With oil prices averaging US$90 to US$100 per barrel, oil subsidies by the Government could increase to some RM14bil from RM10.3bil last year. As of Wednesday, Nymex crude oil was trading around the US$104 band.
This subsidy amount of RM14bil is still lower than subsidies in 2008, which amounted to some RM17.6bil.
MIDF Research economist Anthony Dass said that the first round effect from higher oil price will be positive, raising real GDP by 0.4% or for every US$10 per barrel
“But the second round impact on the economy will be negative, slashing growth by 0.8% dragged by weaker external demand with much depending on domestic demand. Hence, the net effect on growth will be a contraction of 0.4%,” said Dass.

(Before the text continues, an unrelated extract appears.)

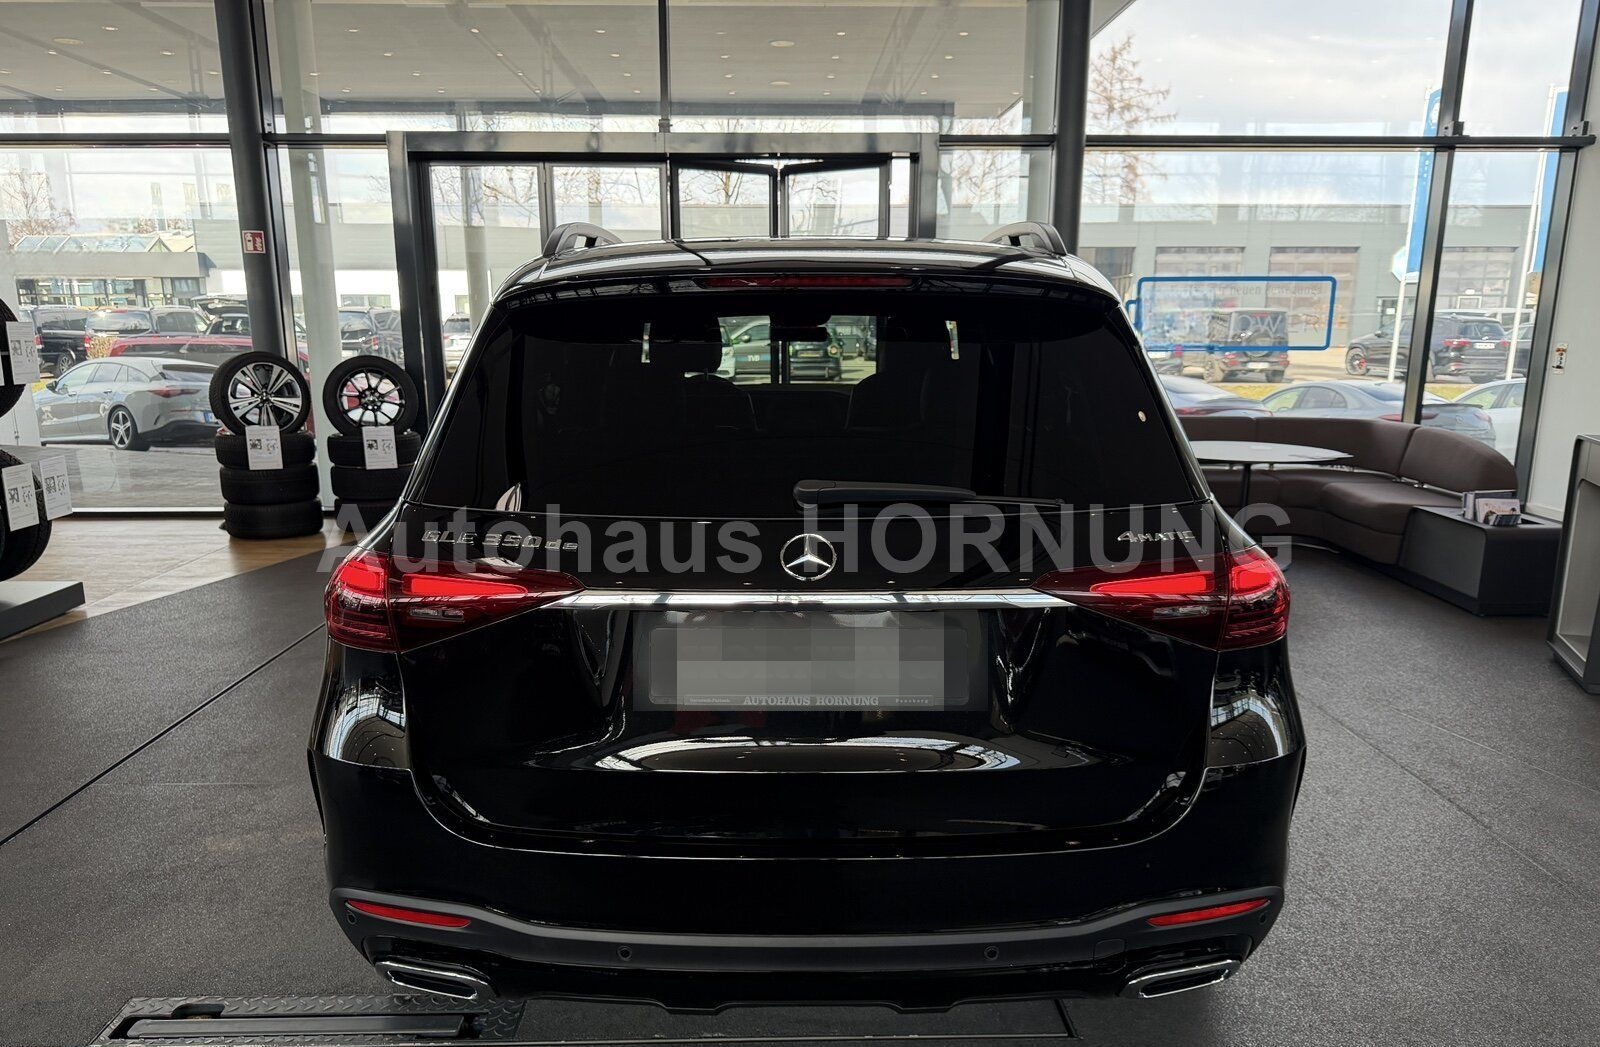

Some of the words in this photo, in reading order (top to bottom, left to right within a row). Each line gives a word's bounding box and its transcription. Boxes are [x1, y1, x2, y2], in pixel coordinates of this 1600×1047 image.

[422, 531, 478, 546] GLE
[482, 533, 543, 549] 350
[743, 696, 811, 706] AUTOHAUS
[816, 696, 879, 706] HORNUNG

Currently, some 11% of Malaysia’s total exports comes from crude oil and petroleum products.
“On the fiscal budget, it is estimated that every US$1 per barrel rise in oil price will boost federal revenue by RM300mil to RM400mil over two years. Fuel subsidies too will rise amid a gradual approach towards subsidy reduction,” said CIMB Research head of Economics Lee Heng Guie.
He added that higher crude oil prices could raise the Government’s subsidy payments for fuel, thereby offsetting some of the increases in revenue.

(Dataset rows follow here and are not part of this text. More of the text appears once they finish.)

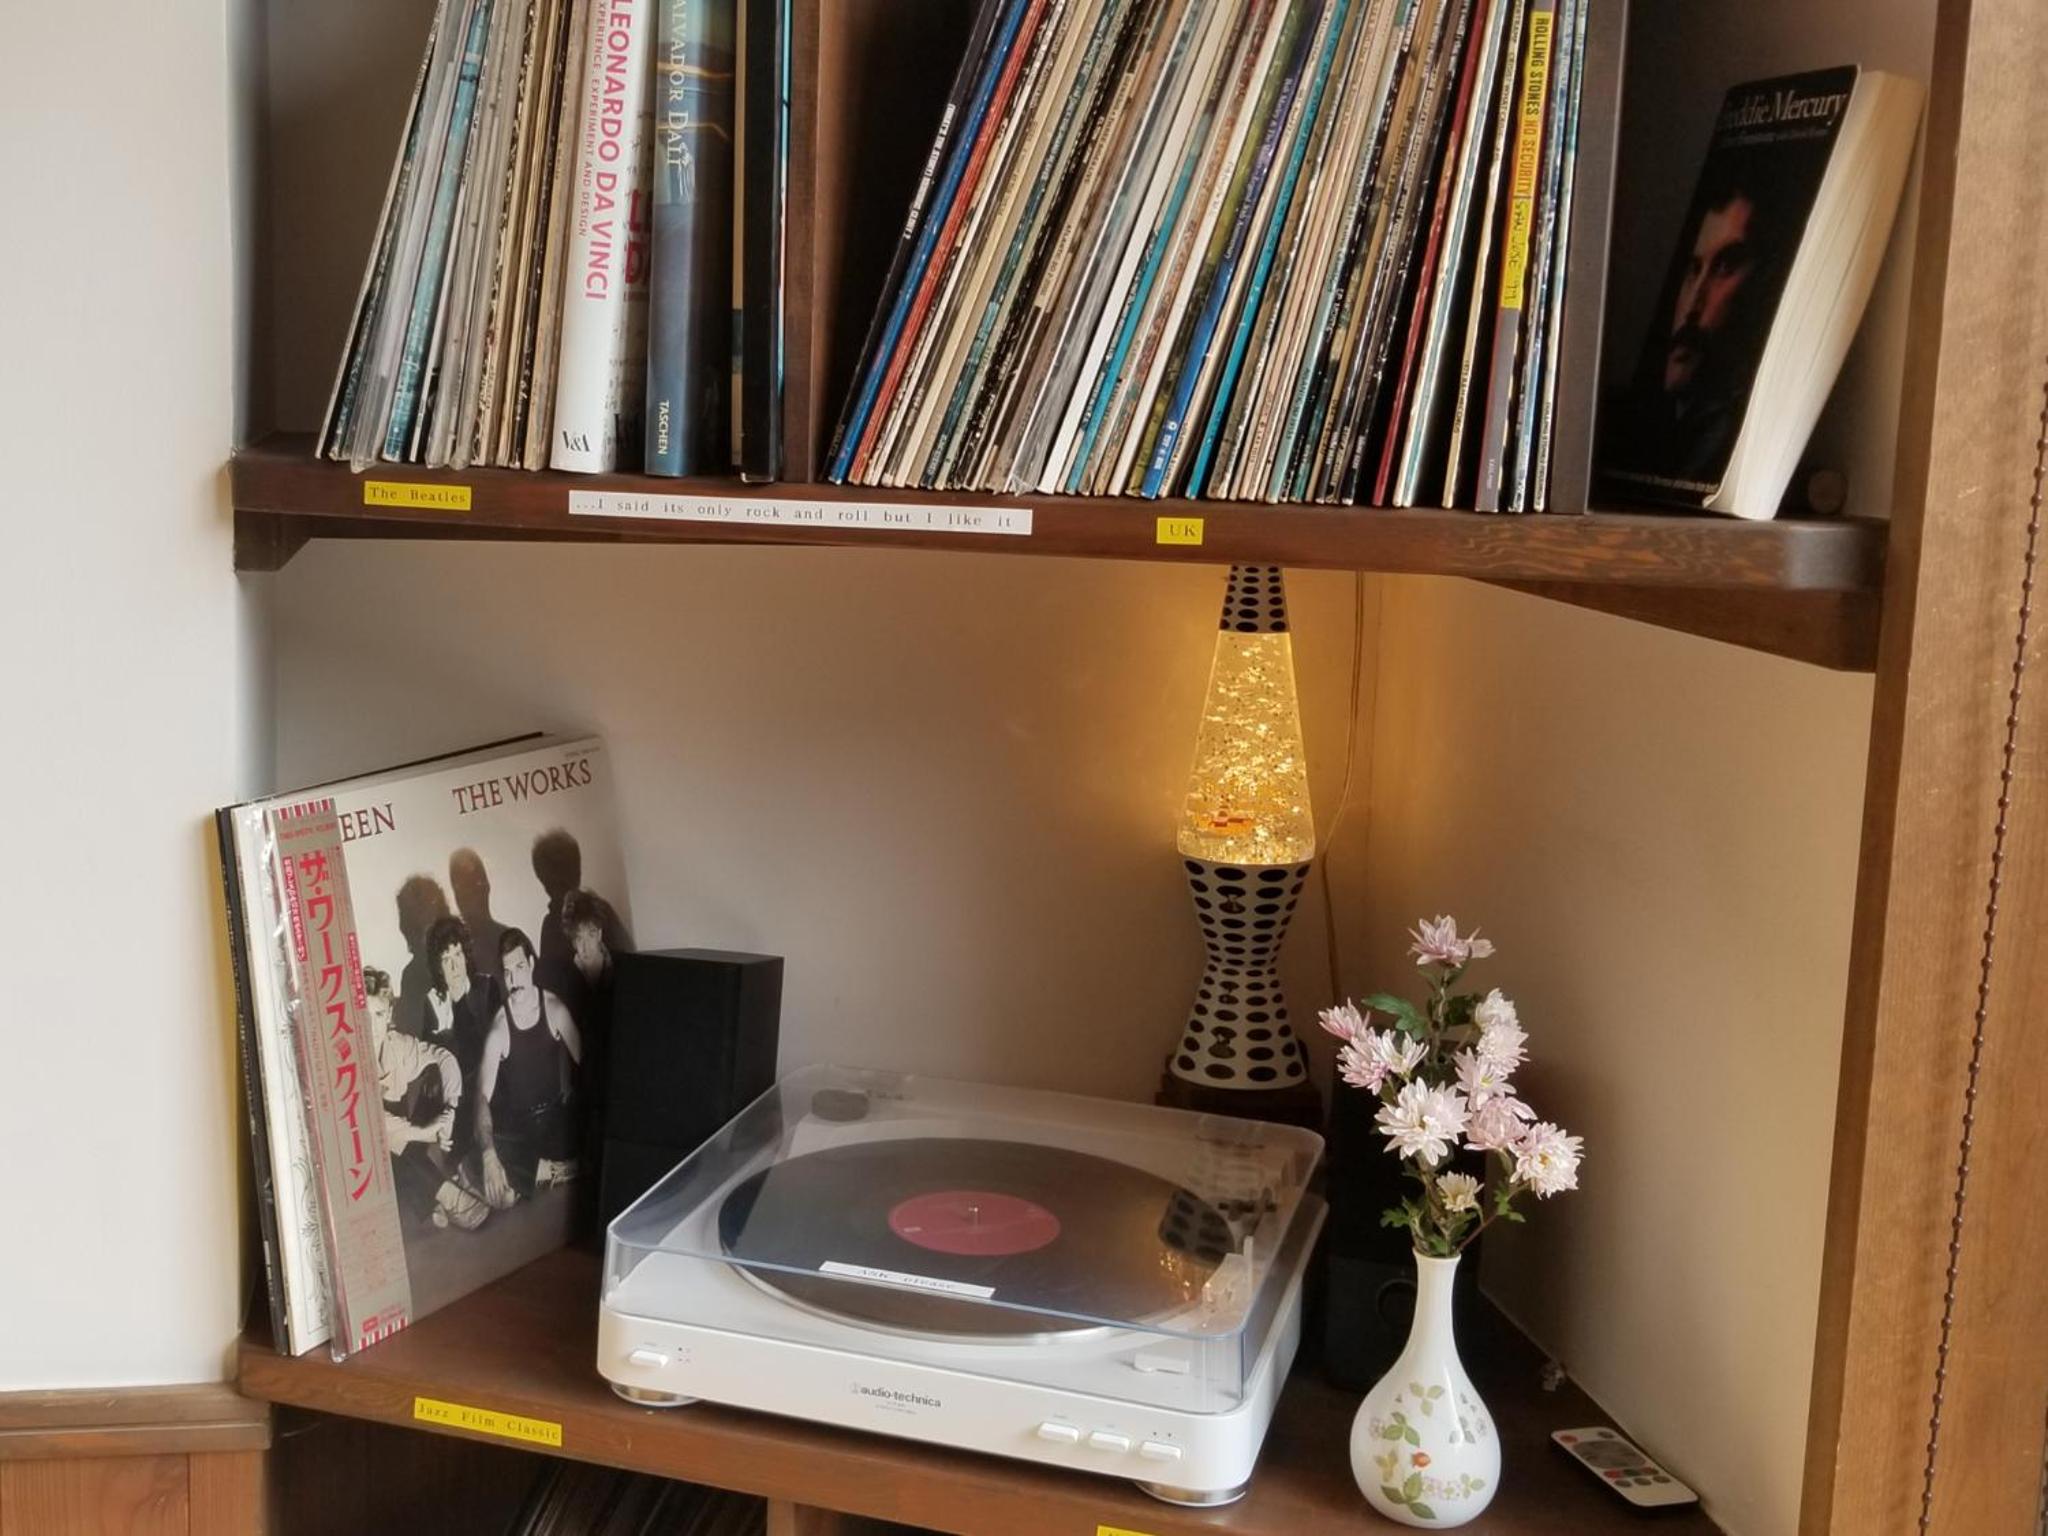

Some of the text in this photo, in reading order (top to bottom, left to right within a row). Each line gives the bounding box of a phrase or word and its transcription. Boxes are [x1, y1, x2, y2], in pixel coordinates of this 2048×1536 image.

[669, 0, 688, 101] ALVADOR
[1514, 18, 1549, 196] ROLLING STONES NO SECURITY
[1770, 90, 1848, 127] Mercury
[585, 0, 632, 300] LEONARDO DA VINCI
[581, 161, 592, 186] AND
[576, 191, 590, 236] DESIGN
[658, 400, 670, 455] TASCHEN
[369, 486, 466, 503] The Beatles
[617, 500, 650, 512] said
[664, 503, 685, 514] its
[697, 505, 732, 517] only
[746, 506, 781, 518] rock
[794, 507, 824, 521] and
[838, 509, 869, 522] roll
[884, 510, 911, 524] but
[949, 513, 982, 526] like
[998, 516, 1012, 528] it
[452, 758, 593, 815] THE WORKS
[339, 803, 396, 843] EEN
[860, 1385, 942, 1408] audio-technica
[417, 1403, 559, 1440] Jazz Film Classic

Dass’ analysis points to the fact that for every US$10 per barrel increase in crude oil price, it will raise government revenue by RM4.5bil and subsidies by about RM1.3bil.
The Government has moved to reduce the petrol subsidy in stages as part of its efforts to consolidate the fiscal deficit over the medium term.
Lee said that oil-related revenues were estimated at RM59.4bil or 35.8% of total revenue in 2011, based on an average oil price of US$85 per barrel.
On a more reassuring note, Dass said that rising oil prices would be more of a headwind than a derailment to growth.
“While higher oil price will steal some share of developing Asia’s wallet, it remains inadequate to offset the internal growth driven by strong consumer demand and a booming expansion, particularly with strong growth in China and India,” said Dass
OCBC Research pointed out that it was encouraging that Malaysia had a better standing in terms of net exports of crude oil, and thus, this would mean higher oil revenues for the Government.
“Yet, this is likely to come in lagged as usually the case and thus, while on the accounting side, it will be included in the 2011 numbers, the impact on additional spending from this to the economy is unlikely to be marginal for the year,” said OCBC Research.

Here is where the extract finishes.